Yoga is all about stability. The problem for many patients with neck and back problems is that the stabilizers in the spine are damaged, off line, or atrophied. Hence, when they challenge their spines with an activity that requires high levels of muscular- and ligament-based stabilization, their spine can’t handle the load. When this happens, things like facet joints, discs, and nerves get tweaked, leading to a pain episode. The same can happen with ankles, knees, hips, shoulders, elbows, and wrists. So what can you do about this? Let me explain through some examples.

A patient comes in who relates that she can’t perform downward dog because her wrist hurts every time she tries. An exam shows that the ligaments in her wrist were injured at some point and are now stretched, allowing for too much movement between the many carpal bones in her hand. So every time she places her weight on her wrist, these bones move slightly too much in strange positions. This causes extra wear and tear on these joints, and that leads to swelling. A few quick and precise injections of platelet rich plasma into the appropriate wrist ligaments and she’s back to a mean downward dog.
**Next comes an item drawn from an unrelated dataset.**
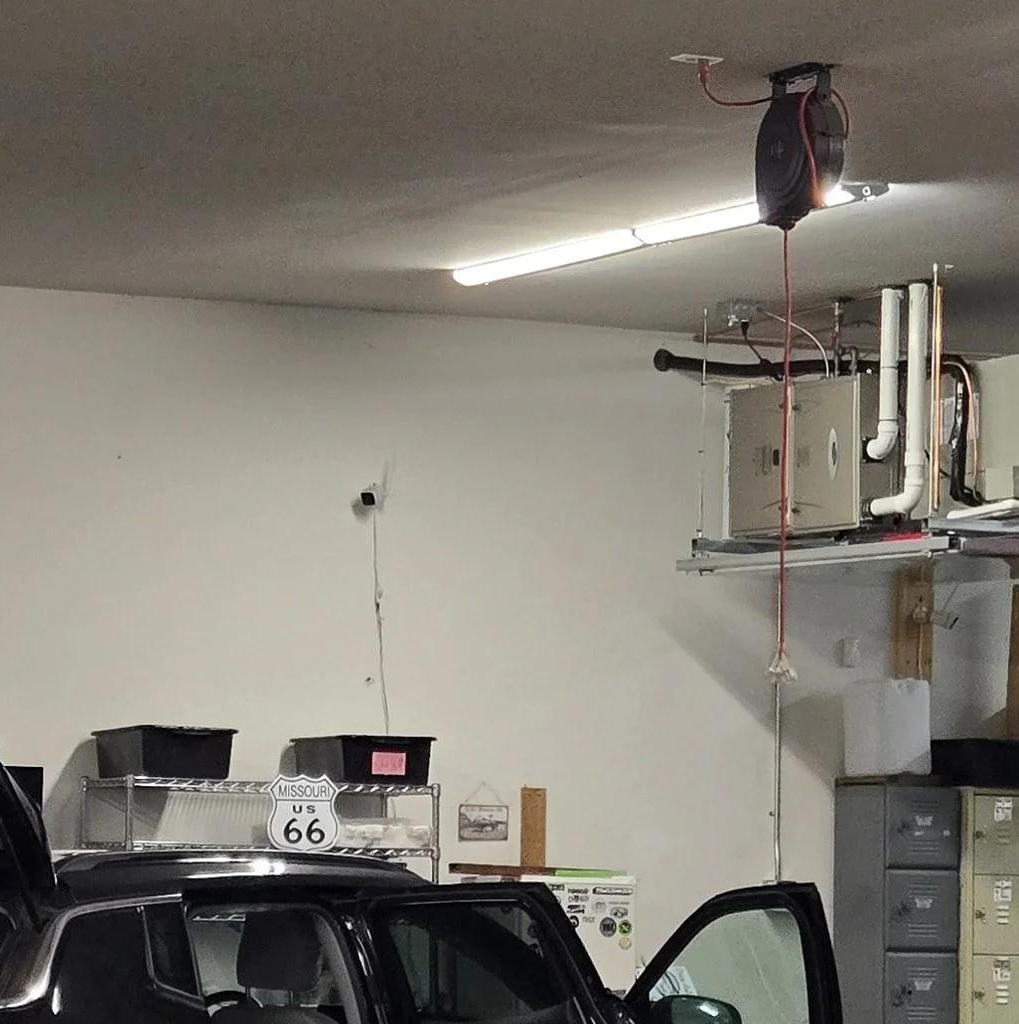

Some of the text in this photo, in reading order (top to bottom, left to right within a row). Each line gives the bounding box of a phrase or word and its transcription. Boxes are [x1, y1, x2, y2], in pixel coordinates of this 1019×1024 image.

[278, 784, 330, 798] MISSOURI
[292, 804, 316, 814] US
[283, 817, 326, 844] 66
A second patient comes in who says that every time she tries yoga, her low back flares up and her leg gets numb. Her MRI shows that the multifidus stabilizing muscle at L5–S1 is mostly gone. Hence, she has no way to stabilize this area of her back. So every time she tries a move that requires her to hold a plank, while her big muscles turn on, the small muscles near the spine are overwhelmed by the load and allow her vertebrae to get into some strange positions. This can cause the facet joints, discs, and nerves between those back bones to get injured. She enters into a treatment program whereby we inject platelet growth factors around irritated nerves and platelet rich plasma precisely into the atrophied muscle combined with specialized physical therapy. After a few treatments, she slowly transitions back into yoga.

The upshot? While you might exacerbate an injury and have pain with yoga, the cause isn’t usually the yoga itself; the injuries may be your sign that your body has a stability problem. Yoga takes a fully functioning stability system to pull off gracefully. Hence, looking for problems due to lax ligaments or atrophied or inefficient stabilizing muscles is a good place to start your quest for why your body and yoga don’t get along!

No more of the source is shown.